Avanos Medical Sales, LLC v. Medtronic Sofamor Danek USA, Inc. et al
ORDER GRANTING IN PART and DENYING IN PART AS MOOT 205 Sealed Motion for Partial Summary Judgment; DENYING IN PART and DENYING IN PART AS MOOT 207 Sealed Motion for Summary Judgment. Signed by Judge Jon Phipps McCalla on 10/4/2021. (mab)
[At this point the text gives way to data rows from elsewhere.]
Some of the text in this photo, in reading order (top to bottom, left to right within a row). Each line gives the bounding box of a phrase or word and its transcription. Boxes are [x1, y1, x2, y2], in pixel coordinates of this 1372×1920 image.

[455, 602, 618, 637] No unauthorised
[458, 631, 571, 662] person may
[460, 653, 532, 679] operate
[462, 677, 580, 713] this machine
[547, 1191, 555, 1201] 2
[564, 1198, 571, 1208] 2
IN THE UNITED STATES DISTRICT COURT
WESTERN DISTRICT OF TENNESSEE
AVANOS MEDICAL SALES, LLC,
MEDTRONIC SOFAMOR DANEK USA,
INC., MEDTRONIC, INC., and
MEDTRONIC USA, INC.,
ORDER GRANTING IN PART AND DENYING IN PART PLAINTIFF’S MOTION
FOR PARTIAL SUMMARY JUDGMENT AND DENYING DEFENDANTS’ MOTION
FOR SUMMARY JUDGMENT
Before the Court is Plaintiff Avanos Medical Sales, LLC’s (“Avanos”) Motion for
Partial Summary Judgment, filed on July 21, 2021. (ECF No. 205.) Also before the Court is
Defendants Medtronic Sofamor Danek USA, Inc., Medtronic, Inc., and Medtronic USA, Inc.’s
(collectively “Medtronic”) Motion for Summary Judgment, filed on July 21, 2021. (ECF No.
For the reasons stated below, the Court GRANTS Plaintiff’s Motion for Partial
Summary Judgment on the Defense of Unclean Hands and DENIES AS MOOT Plaintiff’s
Motion for Partial Summary Judgment as to all other defenses.
The Court DENIES
Defendants’ Motion for Summary Judgment on Non-Infringement and Willful Infringement.
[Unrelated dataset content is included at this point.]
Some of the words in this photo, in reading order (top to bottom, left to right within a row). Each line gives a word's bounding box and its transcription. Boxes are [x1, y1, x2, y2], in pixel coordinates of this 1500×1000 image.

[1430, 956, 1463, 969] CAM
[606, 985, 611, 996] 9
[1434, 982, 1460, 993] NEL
The Court DENIES AS MOOT Defendants’ Motion for Summary Judgment on NonInfringement of Claim 21; Non-Infringement under Doctrine of Equivalents; Pre-Suit Damages;
and Lost Profits Prior to November 1, 2019.
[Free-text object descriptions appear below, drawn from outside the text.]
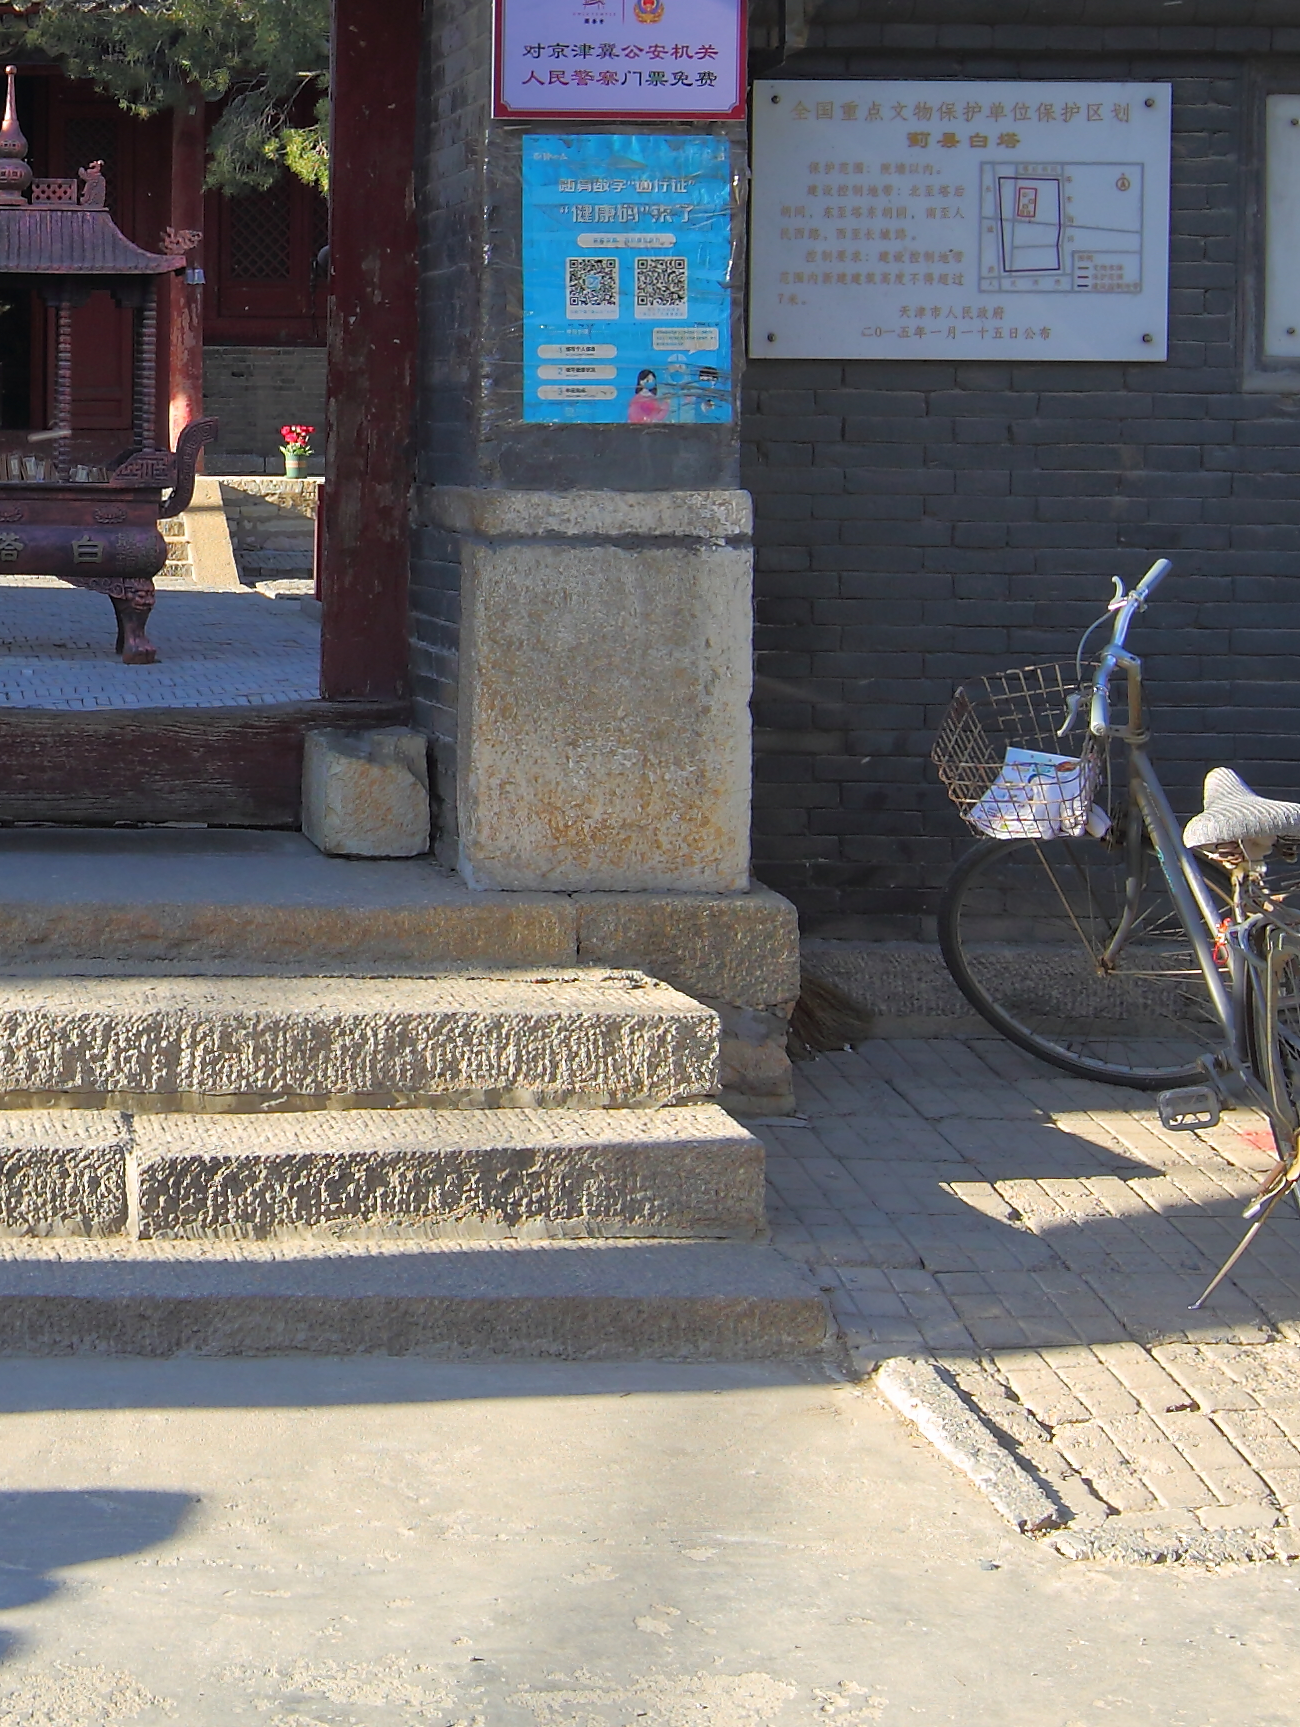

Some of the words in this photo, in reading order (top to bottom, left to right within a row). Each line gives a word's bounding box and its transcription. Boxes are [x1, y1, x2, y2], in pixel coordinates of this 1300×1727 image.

[523, 42, 718, 61] 对京津冀公安机关
[521, 69, 717, 87] 人民警察门票免费
[790, 101, 1131, 123] 全国重点文物保护单位保护区划
[907, 132, 1021, 149] 蓟县白塔
[899, 305, 1005, 321] 天津市人民政府
The issues of infringement and willful
infringement remain before the trier of fact.
a. Procedural Background
On July 21, 2021, Avanos filed its Motion for Partial Summary Judgment (ECF No.
205), and Medtronic filed its Motion for Summary Judgment (ECF No. 207). On August 18,
2021, Medtronic filed its Response in Opposition to Avanos’s Motion. (ECF No. 218.) Avanos
filed its Response in Opposition to Medtronic’s Motion on August 20, 2021. (ECF No. 223.)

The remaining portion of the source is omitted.